[Twisted-Python] Deferred Groups?

Duncan McGreggor duncan.mcgreggor at gmail.com
Sat Jan 21 18:04:08 EST 2006


On Jan 21, 2006, at 6:55 AM, Mike C. Fletcher wrote:

> Duncan McGreggor wrote:
>
>> I have a question about an approach I used... I'm worried that I've 
>> over-worked it and have over-looked a more elegant and standard 
>> solution.
>>
>> I have the need to fire off network connections in groups. Deferreds 
>> added to a DeferredList don't fit the bill (because there's no 
>> control over all the deferreds in the list).
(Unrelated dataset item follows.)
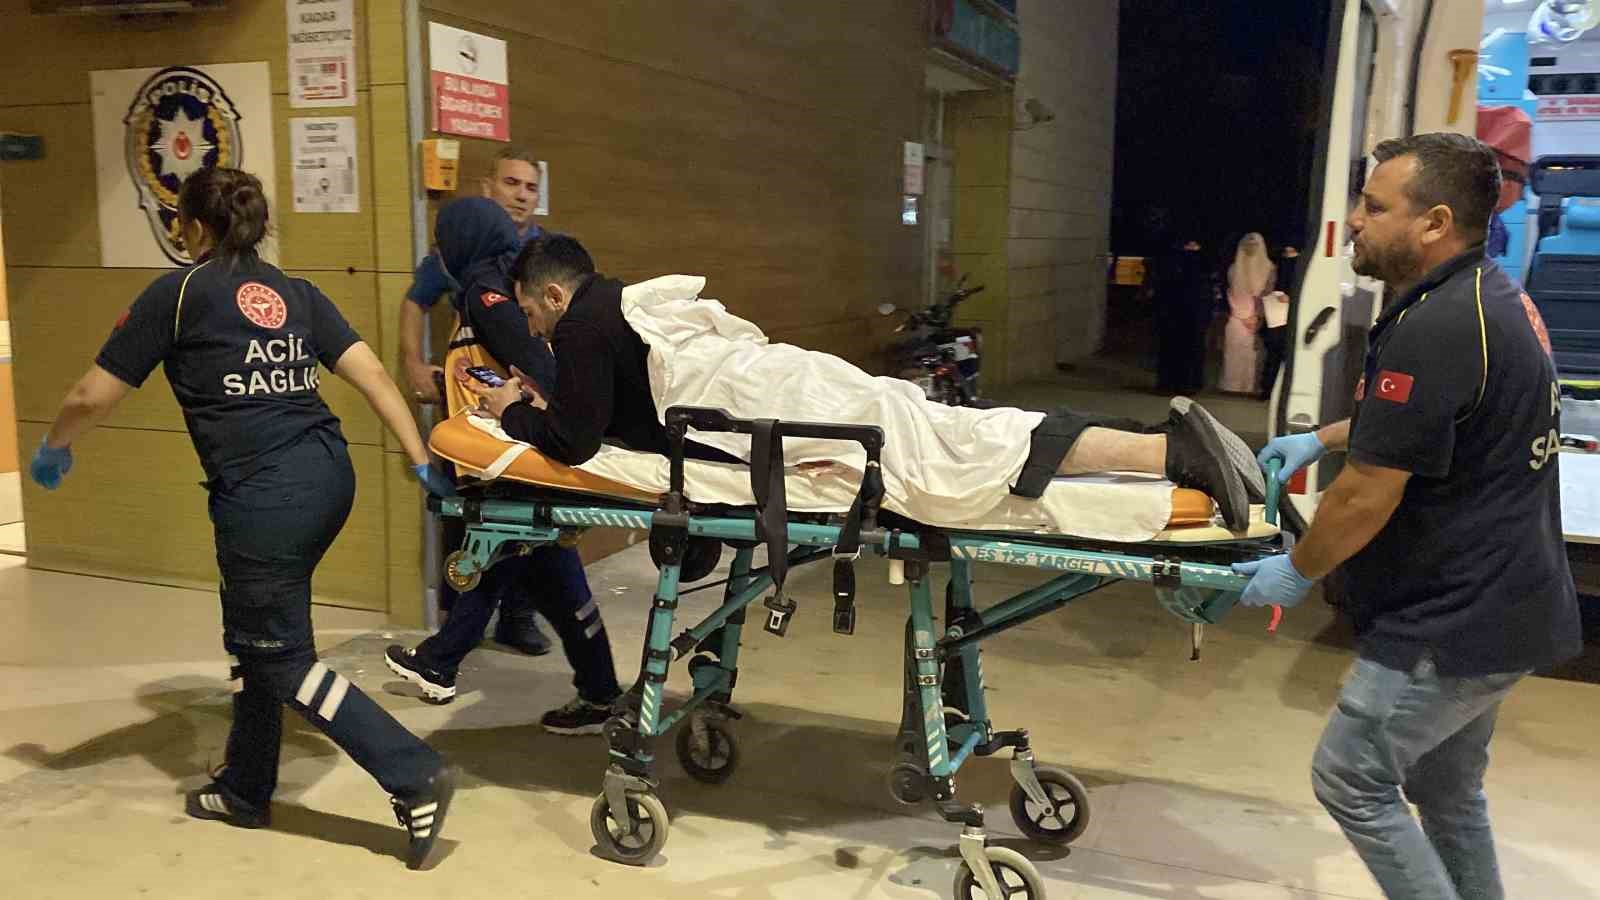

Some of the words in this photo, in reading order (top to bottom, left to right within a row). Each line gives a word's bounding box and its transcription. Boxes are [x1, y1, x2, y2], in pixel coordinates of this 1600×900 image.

[244, 333, 309, 363] ACİL
[976, 548, 997, 561] ES
[1037, 553, 1103, 573] TARGET
As an example, if you 
>> wanted to make a whole batch of concurrent connections, but didn't 
>> want to incur the overhead of firing off more than 20 simultaneous 
>> connections, you'd split your destination hosts up into groups of 20. 
>> As a group was completed, a callback could fire off the next group, 
>> etc.
>
> This functionality (or, something very close) is in the deferred 
> module already, it's just non-obvious how you use it:
>
> sem = defer.DeferredSemaphore(count)
> dl = [sem.run(callable, item, *args, **named) for item in iterable]
> return defer.DeferredList(dl, consumeErrors=True)
>
> which, rather than "batching" (which means that you have 3, then 2, 
> then 1 in play, then 3, then 2, then 1), keeps "count" items in play 
> at any time (as long as there are available items), replacing each 
> item that completes with one pending item.  I wrap that bit of code 
> with a little function called parallel in my code so I don't have to 
> remember the trick every time.

Ah, this is fantastic! Thanks for the heads up. I've been buried in the 
deferred file for the paste few days and have no idea how I missed 
this... I'm now reading through the entire file to see what other 
goodies I might have missed...

I've replaced almost all of that test code, and it works like a charm. 
Your usage example was a huge time-saver -- thanks!